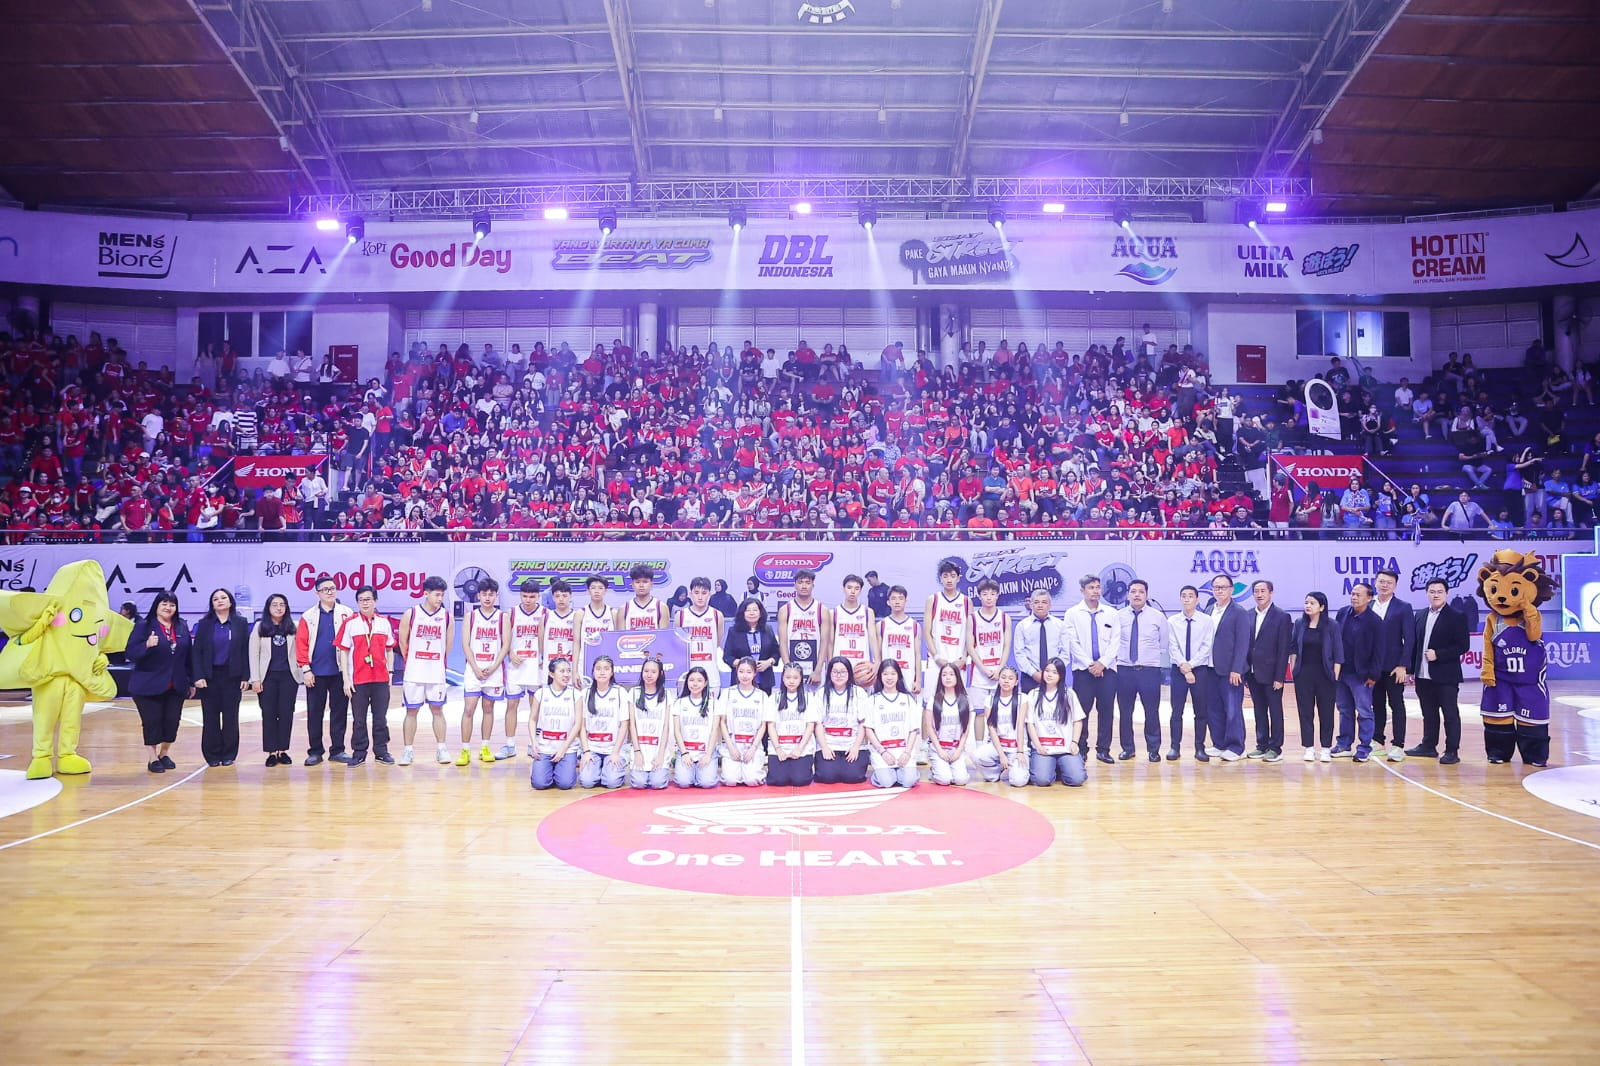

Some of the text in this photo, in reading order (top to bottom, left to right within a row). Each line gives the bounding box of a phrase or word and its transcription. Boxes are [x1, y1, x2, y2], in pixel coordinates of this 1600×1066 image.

[758, 235, 832, 265] DBL
[1111, 235, 1179, 262] AQUA
[1411, 234, 1459, 257] HOT
[98, 246, 164, 269] Bioré
[390, 241, 512, 275] Good Day
[905, 248, 924, 261] PAKE
[1237, 244, 1294, 261] ULTRA
[758, 266, 834, 278] INDONESIA
[928, 266, 949, 279] GAYA
[950, 263, 977, 277] MAKIN
[1244, 262, 1289, 278] MILK
[1412, 255, 1486, 278] CREAM
[1295, 467, 1363, 477] HONDA
[511, 560, 545, 571] YANG
[546, 560, 592, 571] WORTH
[612, 560, 630, 571] YA
[1190, 550, 1260, 578] AQUA
[1334, 556, 1402, 575] ULTRA
[371, 563, 426, 598] Day
[774, 570, 794, 580] DBL
[998, 580, 1019, 595] AKIN
[776, 590, 797, 599] Good
[630, 616, 656, 627] FINAL
[793, 618, 816, 629] FINAL
[416, 624, 442, 635] FINAL
[548, 627, 574, 638] FINAL
[691, 626, 713, 636] INAL
[838, 623, 865, 634] FINAL
[945, 625, 952, 636] 5
[848, 639, 857, 650] 10
[887, 633, 911, 645] FINAL
[482, 643, 490, 653] 12
[989, 647, 995, 657] 4
[1503, 646, 1528, 656] GLORIA
[1545, 641, 1592, 668] QUA
[1506, 657, 1526, 673] 01
[1520, 708, 1531, 719] 01
[642, 824, 948, 836] HONDA
[627, 848, 965, 867] One HEART.

*What to do*:
Each entry is to be transcribed verbatim, and any picture in it is to be skipped.

*Answer to the problem*:
Some of the text in this photo, in reading order (top to bottom, left to right within a row). Each line gives the bounding box of a phrase or word and its transcription. Boxes are [x1, y1, x2, y2], in pixel coordinates of this 1600×1066 image.

[758, 235, 832, 265] DBL
[1111, 235, 1179, 262] AQUA
[1411, 234, 1459, 257] HOT
[98, 246, 164, 269] Bioré
[390, 241, 512, 275] Good Day
[905, 248, 924, 261] PAKE
[1237, 244, 1294, 261] ULTRA
[758, 266, 834, 278] INDONESIA
[928, 266, 949, 279] GAYA
[950, 263, 977, 277] MAKIN
[1244, 262, 1289, 278] MILK
[1412, 255, 1486, 278] CREAM
[1295, 467, 1363, 477] HONDA
[511, 560, 545, 571] YANG
[546, 560, 592, 571] WORTH
[612, 560, 630, 571] YA
[1190, 550, 1260, 578] AQUA
[1334, 556, 1402, 575] ULTRA
[371, 563, 426, 598] Day
[774, 570, 794, 580] DBL
[998, 580, 1019, 595] AKIN
[776, 590, 797, 599] Good
[630, 616, 656, 627] FINAL
[793, 618, 816, 629] FINAL
[416, 624, 442, 635] FINAL
[548, 627, 574, 638] FINAL
[691, 626, 713, 636] INAL
[838, 623, 865, 634] FINAL
[945, 625, 952, 636] 5
[848, 639, 857, 650] 10
[887, 633, 911, 645] FINAL
[482, 643, 490, 653] 12
[989, 647, 995, 657] 4
[1503, 646, 1528, 656] GLORIA
[1545, 641, 1592, 668] QUA
[1506, 657, 1526, 673] 01
[1520, 708, 1531, 719] 01
[642, 824, 948, 836] HONDA
[627, 848, 965, 867] One HEART.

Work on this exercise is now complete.